For some, she said, it's a couple of weeks or months, for others it could be years. But the VA is there for them, as long as they make the first step.

A network of support

In spite of the benefits available to returning combat veterans, like five years of free health care for combat-related injuries and illnesses, getting them in the door is still a challenge.

"As we know, many coming out of the military are reluctant to seek both medical care or behavioral health care for any of their related symptoms," Love said.

Though health care is a hot topic these days, it will move down the priority list for many veterans who have a list of other pressing issues to deal with, like finding a job.

"So when we go to guard and reserve units, often times we're doing work with the families to educate them on what this may be and how to access resources," Love said.

Symptoms of an injury or illness, like post traumatic stress disorder or traumatic brain injury, can go undetected during the first few hectic weeks or months back home. So it's important for family members to be aware of the resources available to returning vets in case those symptoms to present themselves.

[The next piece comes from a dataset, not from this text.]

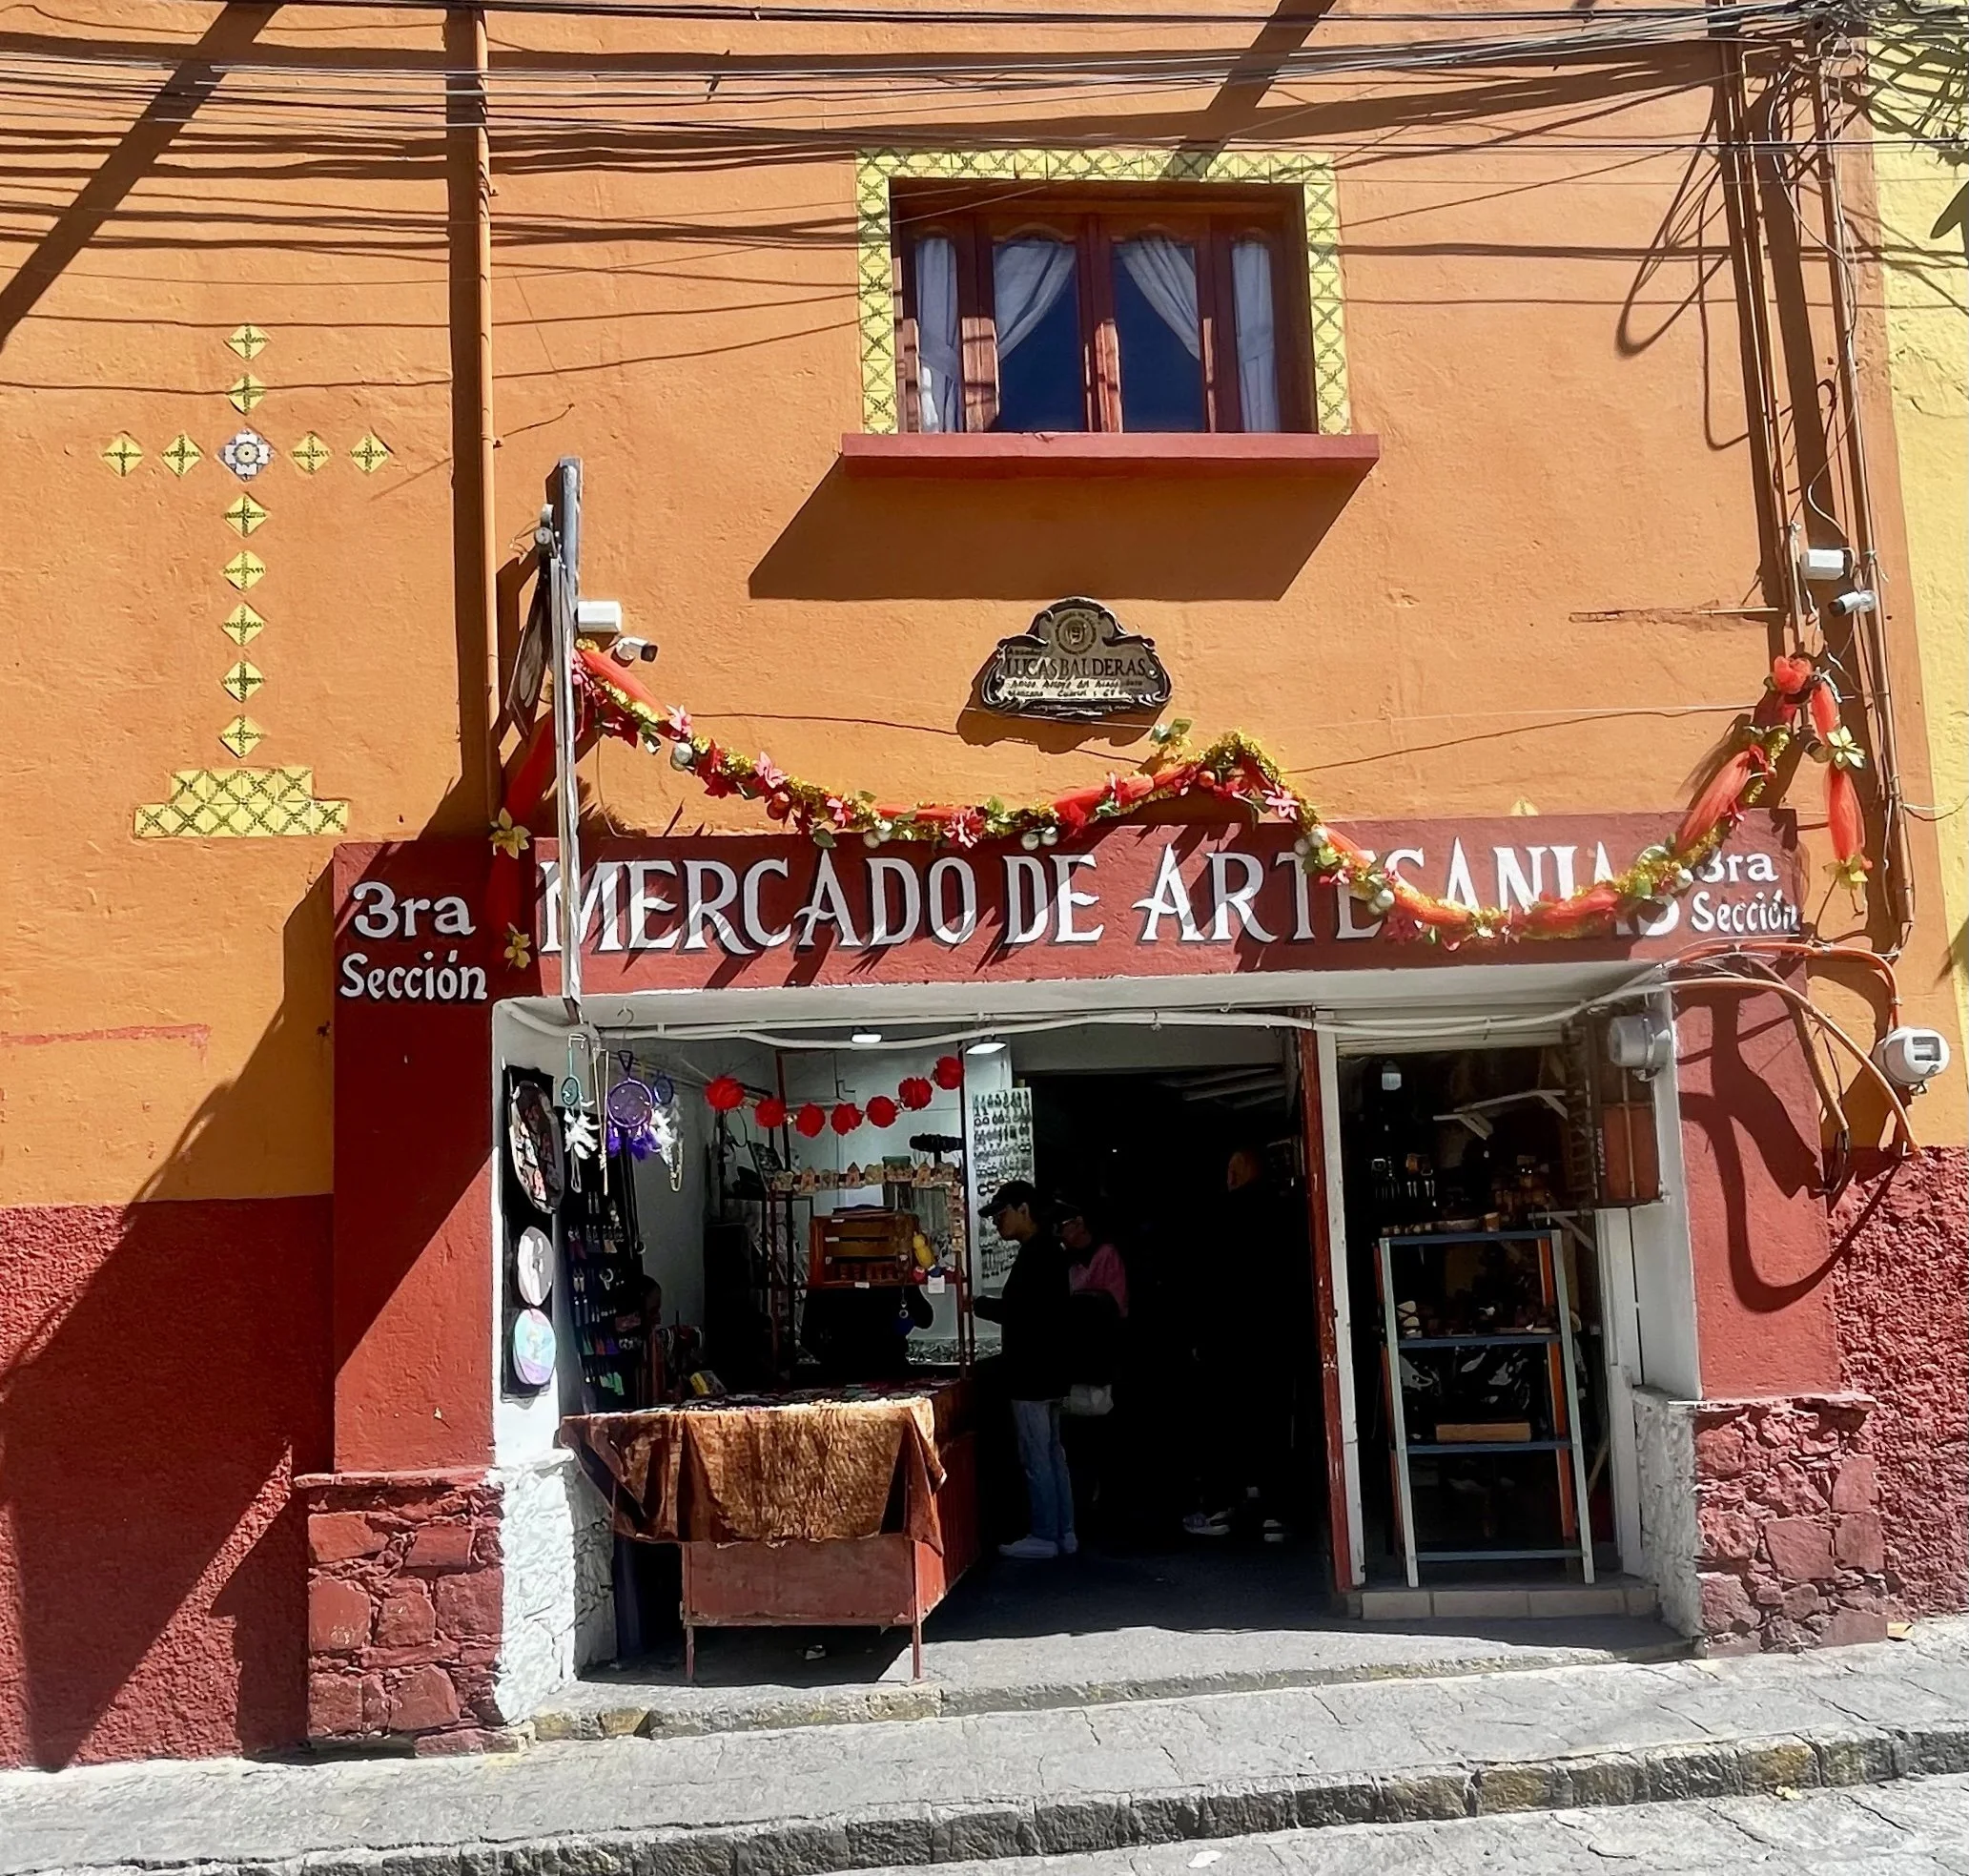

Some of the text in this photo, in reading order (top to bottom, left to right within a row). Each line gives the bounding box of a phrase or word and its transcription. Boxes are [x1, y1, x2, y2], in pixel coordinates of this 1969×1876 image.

"It may be a spouse or significant other, or a parent, who calls and says, 'I need to get some help for my son who's just come back... what do you have?'" Love said.

As always, the first step is for the veteran to visit the VA and become enrolled in the program, if eligible, and get evaluated.

Spread the word

Bill Hoffman, outreach coordinator at Syracuse VA Medical Center, understands why returning combat veterans don't make the VA their first stop once they're stateside: it wasn't until he became employed at VA that he realized what benefits were available to him.